|The federal Departments of Health and Human Services (HHS) and Labor have released three new proposed regulations regarding the Patient Protection and Affordable Care Act’s essential health benefit requirements and other key reform components including the new rating rules for policies issued to individuals and small groups and new requirements for employer-based wellness programs.
The new regulations give states about a month more to choose a benchmark plan on which all essential health benefit mandates for their individual and small group markets will be based. Those states that do not chose a plan will become what are known as federal fallback states and HHS will base their benchmark on the largest plan within the state’s small group market. HHS also proposed that exchanges determine whether qualified health plans sold in the new insurance markets include state-level benefits beyond what the essential health benefit benchmark allows. States generally have the authority to enforce the essential health benefits package, but the proposed rule says HHS can intervene in states with improper or lax enforcement.

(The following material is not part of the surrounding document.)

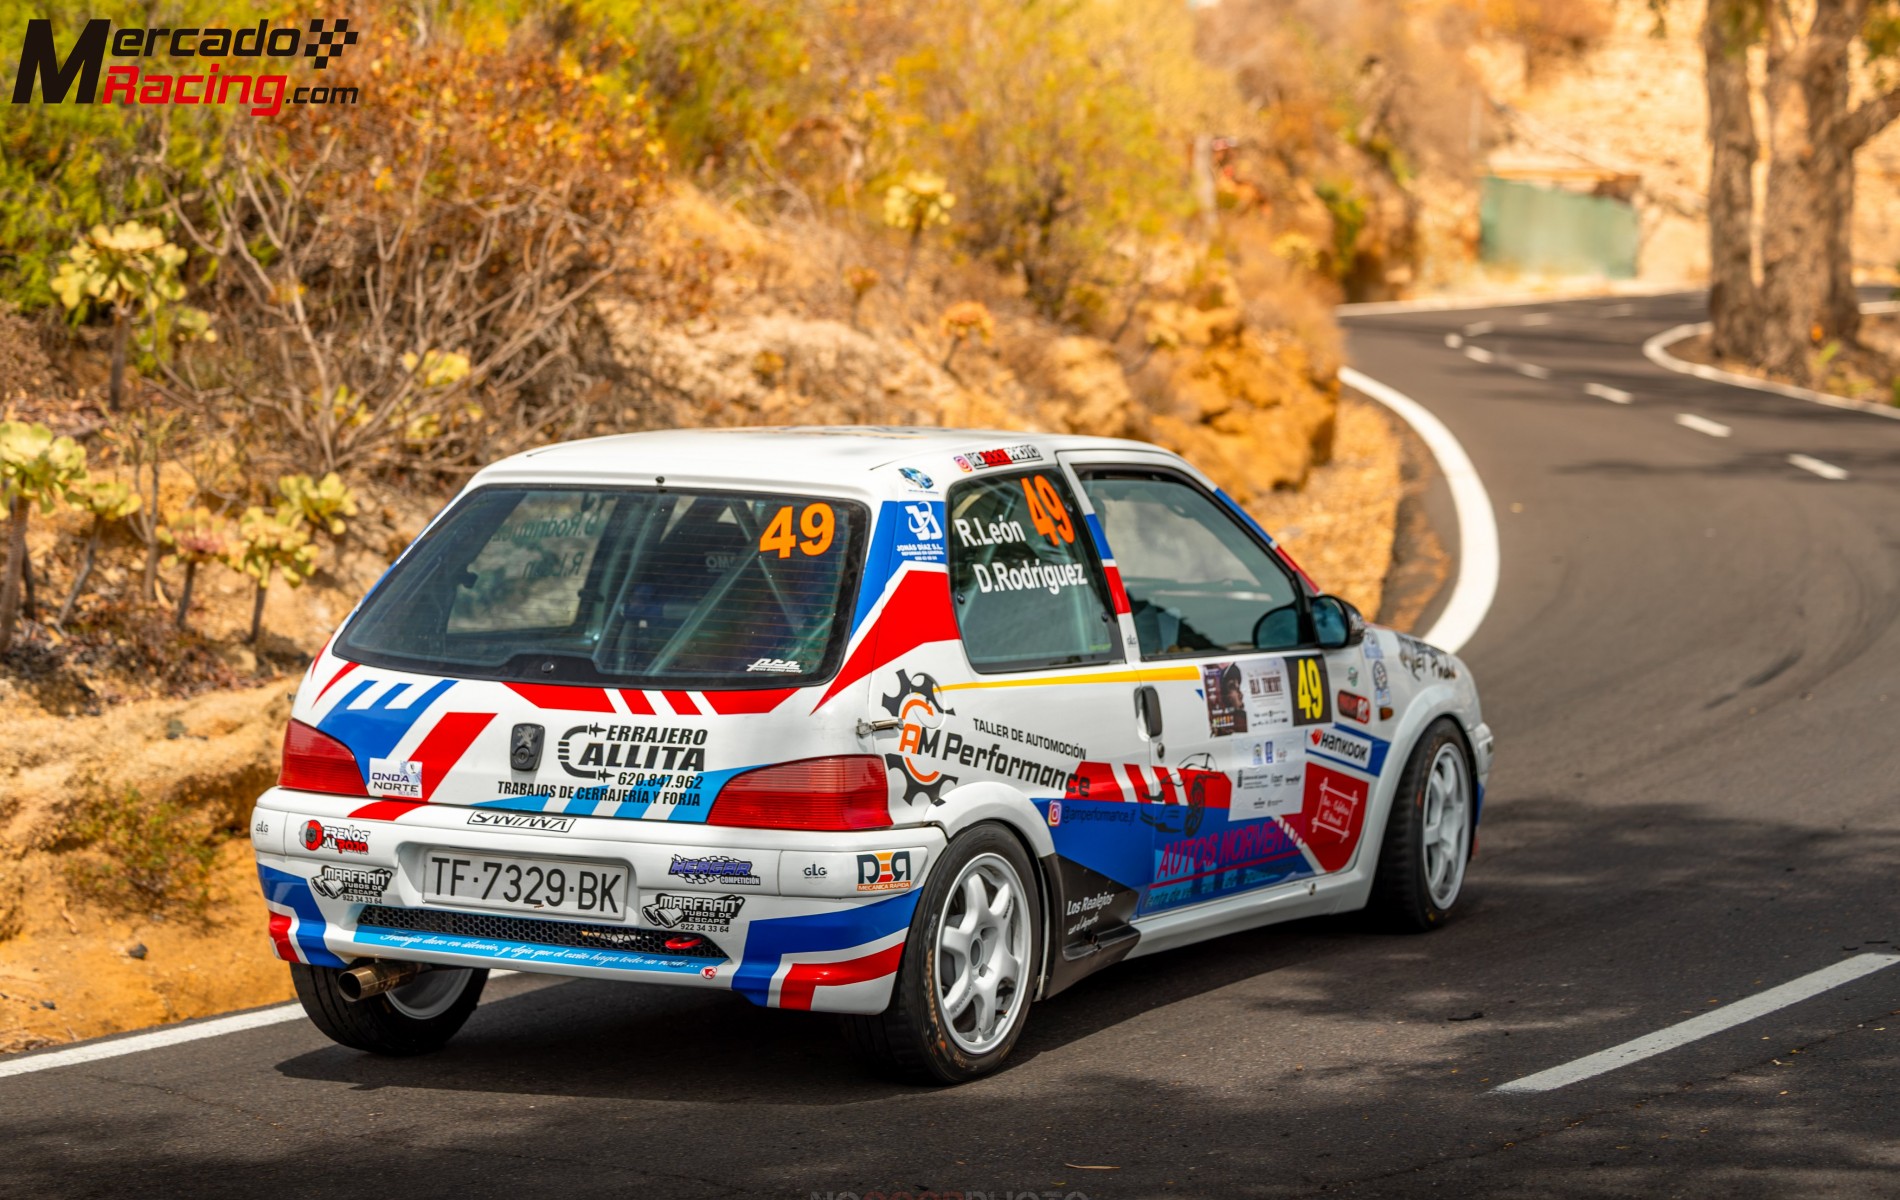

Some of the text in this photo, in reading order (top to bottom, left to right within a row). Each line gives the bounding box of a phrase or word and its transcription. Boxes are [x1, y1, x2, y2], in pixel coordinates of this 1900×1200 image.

Along with the essential health benefit rule, HHS also released an actuarial value calculator, which is intended to help health insurers categorize plans as bronze, silver, gold or platinum status. A 2% leeway was also included in the calculator, and plans were given flexibility with the law’s $2,000 small group deductible caps when building bronze-level plan options.
In the employer market, the proposed rule will allow insurers to have year round open enrollment periods while those in the small group market will be allowed to limit their enrollment periods to prevent people from waiting to buy insurance until they need it.
The essential health benefits regulations require that plans cover at least one drug per class or the same number of drugs per class as the state’s essential health benefits benchmark plan, whichever is greater. This rule is intended to balance access with affordability; however, it does not seem that it will be as generous as some other plans, including Medicare Part D.
All three of these proposed rules are open for public comment for thirty days following their official publication in the Federal Register, which is scheduled for November 26, 2012. That means that comments on all three of these regulations are due the day after Christmas.
|The Administration, at the request of the Republican Governors Association, extended the deadline for making decisions about exchanges to December 14, 2012. Many states had postponed making a decision on an exchange model until after the election; some clearly had been hoping that a Republican victory would result in a possible end to the need for states to make health insurance exchange decisions. Now that President Obama has been re-elected, though, exchanges seem to be here to stay. President Obama’s reelection, however, has not stopped states from resisting creating an exchange.
The lack of regulation surrounding health insurance exchanges seems to encourage some states to create their own exchanges, but act as a deterrent for other. While some states are waiting for the administration to answer their exchange questions before making a final decision, others have already made up their minds. With many states coming out against the creation of their own exchanges, the federal government will play a larger role than it likely anticipated.
|With the election behind us, people in Washington and across the country are buzzing about the looming “fiscal cliff.” Many, however, question what it actually means and what implications it may have for healthcare. The term, reportedly coined by Federal Reserve Chairman Ben Bernanke, refers to more than $500 billion in tax increases and across-the-board spending cuts scheduled to take effect after January 1, 2013 unless the President and Congress reach an alternative deficit-reduction deal. Going over the cliff would result in a tax increase for almost every individual tax payer and business, which would likely lead to a recession. Many are specifically concerned about the federal budget cuts that would likely occur if we go off the cliff.
Certain health programs, such as Medicaid and the Children’s Health Insurance Program, are exempt from potential cuts, but others such as Medicare, could be affected by the fiscal cliff. Payments to hospitals, physicians, and Medicare Advantage plans will be potential areas for budget cuts if actions surrounding the fiscal cliff are not taken within the next few weeks. For example, payments for Medicare providers will be reduced by 27 percent.